Marketing and publicity departments don’t just get involved when a book is about to be published - they’re integral throughout the whole publication process. Their involvement usually starts even before a book has been acquired, when they take part in the pitch meeting; telling an agent and author about their vision for a campaign. Marketing also influences the cover copy and the design approach for a book - thinking about what might appeal to the book’s target audience of readers. 

Understanding these target readers - what they’re interested in, what they want from a book -  is so important to what marketers and publicists do. They also think carefully about how readers might go from hearing about a book to actually buying it. This target audience informs everything: for marketers it influences the type of websites on which to place digital ads, through to which train stations would be good targets for a poster campaign. For publicists, it determines which type media outlets they target, or where they should look to hold book tours or events. 
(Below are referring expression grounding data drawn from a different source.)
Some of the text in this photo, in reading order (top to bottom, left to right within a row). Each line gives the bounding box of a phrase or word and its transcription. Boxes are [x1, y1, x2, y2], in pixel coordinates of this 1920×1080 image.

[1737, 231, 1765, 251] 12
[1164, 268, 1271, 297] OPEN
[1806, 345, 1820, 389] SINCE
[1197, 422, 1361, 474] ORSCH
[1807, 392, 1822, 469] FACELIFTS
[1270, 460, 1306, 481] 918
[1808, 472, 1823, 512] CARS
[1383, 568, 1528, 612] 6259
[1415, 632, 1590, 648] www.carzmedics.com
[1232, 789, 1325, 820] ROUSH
The author’s role in a campaign

Both the publicity and marketing teams will be in frequent contact with the author throughout the campaign, and will often work collaboratively with them on its direction. 
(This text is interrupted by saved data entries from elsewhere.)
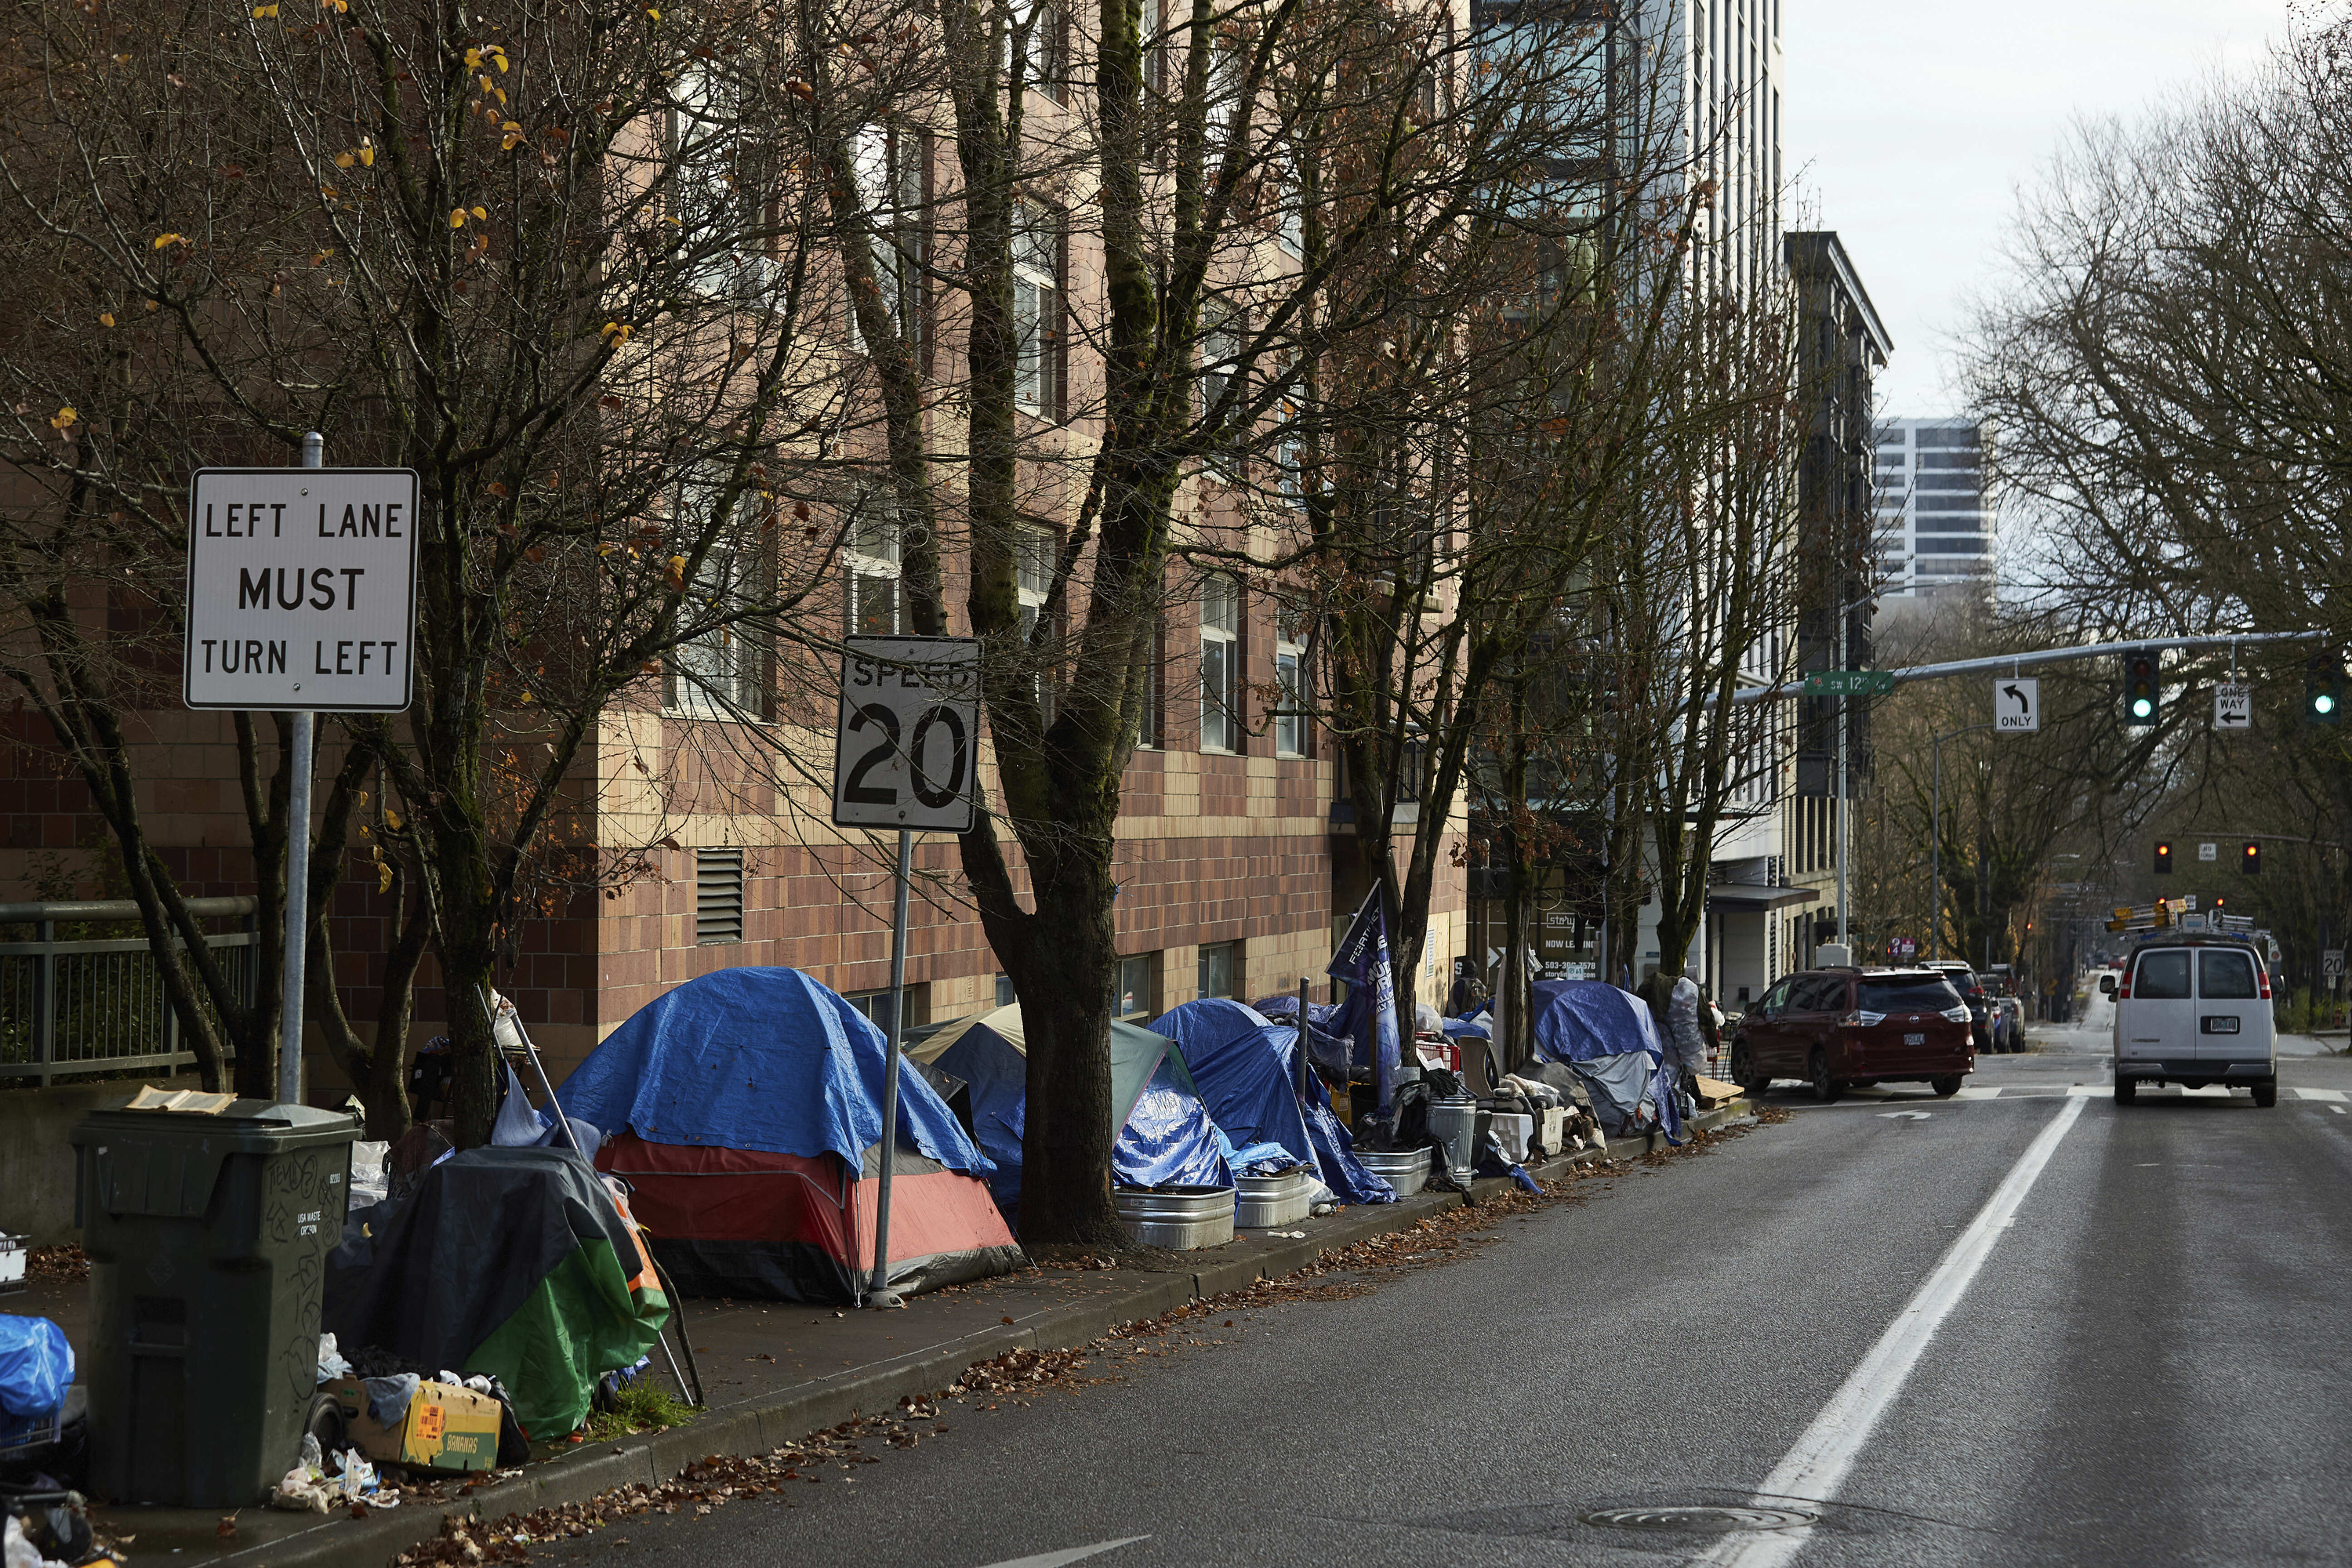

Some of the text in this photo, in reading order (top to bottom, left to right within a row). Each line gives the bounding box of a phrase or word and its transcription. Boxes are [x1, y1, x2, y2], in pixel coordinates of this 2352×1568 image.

[206, 504, 402, 537] LEFT LANE
[238, 568, 365, 610] MUST
[201, 640, 397, 675] TURN LEFT
[1831, 681, 1843, 690] SW
[2221, 688, 2244, 698] ONE
[2220, 699, 2245, 710] WAY
[2002, 715, 2031, 727] ONLY
[844, 702, 967, 808] 20
[1565, 940, 1594, 949] LEIN
[2325, 958, 2343, 974] 20
[298, 1210, 321, 1223] USA WASTE
[447, 1434, 478, 1454] BANANAS
Publicists tend to have more day-to-day contact with authors because they will usually accompany them to interviews or to events. They’ll also work closely with them in earlier stages of the publishing process, to help the author prepare for how to talk about their book in public and to the press.

See what a publicity manager's day looks like the video below. 
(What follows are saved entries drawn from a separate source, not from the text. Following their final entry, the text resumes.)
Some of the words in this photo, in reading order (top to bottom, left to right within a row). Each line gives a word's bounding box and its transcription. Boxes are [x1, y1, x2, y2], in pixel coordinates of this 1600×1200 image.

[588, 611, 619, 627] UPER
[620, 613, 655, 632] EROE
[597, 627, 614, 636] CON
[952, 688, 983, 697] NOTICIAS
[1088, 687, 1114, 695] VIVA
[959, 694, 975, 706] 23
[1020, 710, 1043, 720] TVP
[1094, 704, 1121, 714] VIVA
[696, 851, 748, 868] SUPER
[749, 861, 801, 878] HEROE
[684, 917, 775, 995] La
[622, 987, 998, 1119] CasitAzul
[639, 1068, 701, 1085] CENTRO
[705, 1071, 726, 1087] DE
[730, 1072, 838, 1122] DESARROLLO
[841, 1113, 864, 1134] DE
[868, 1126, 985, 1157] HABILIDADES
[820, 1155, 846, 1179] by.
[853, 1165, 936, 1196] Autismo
But the marketing team will also speak to the author on a regular basis throughout the campaign. They might help them prepare content for their social media platform, for example.

So, what can authors do to get the word out about their book?

Here, our marketing and publicity teams give their insight about the use of social media in promoting a book and share some tips about what authors can do themselves. 

Sonia Razvi, marketing manager in Penguin Random House Children's

Social media is a brilliant tool for engaging with your fans and recruiting brand new ones too. From Facebook to Twitter to Instagram, you can pick the platform that works best for you. Your marketer will often provide you with assets that you can use to promote your book on your social platform – these can range from lifestyle assets to animated graphics to trailers.

Consider taking your followers on your book journey with you – with teaser quotes from your book and a behind the scenes look at the process. If you’re comfortable, you could also consider doing Instagram Lives – which could take the form of reading an extract from your book and answering any questions from your followers.

Promoting your book on social media might seem overwhelming but it doesn’t have to be – and you don’t need to spend all day on each platform. Make use of scheduling tools so you can schedule content for peak times on social media.

Hayley Barnes, senior press officer at Transworld

Start a conversation! Twitter is a particularly useful tool for making connections within the book community and to be able to support other writers. Follow authors who publicise themselves well online -  Richard Osman, and debut author Clare Pooley are perfect examples of showing how effective social media can be. 

Before you begin, have a conversation with your publicist and marketing team to devise a social media strategy which is most effective for your book. It’s useful to be aware of the platform you are using and why – but, a really useful tip is not to exclusively plug your new book. Followers will quickly get bored if you do! Incorporate your other interests or recommend books you’ve enjoyed other than your own.

Ultimately we know that some authors may not feel comfortable doing all this work on social media, and that’s fine too. The publicity and marketing teams are experts at reaching readers with many divisions running their own Twitter accounts to promote the latest releases.

And beyond social media?

Immerse yourself in the book community. If you don’t know where your local bookshop is, find it! Supporting your local bookshop and introducing yourself to its booksellers is vital - authors need support from bookshops as much as they need support from authors. Another great way to promote yourself beyond social media is to attend events - bookshop author talks, local book festivals, author signings etc – you’ll make connections and get to know how they work.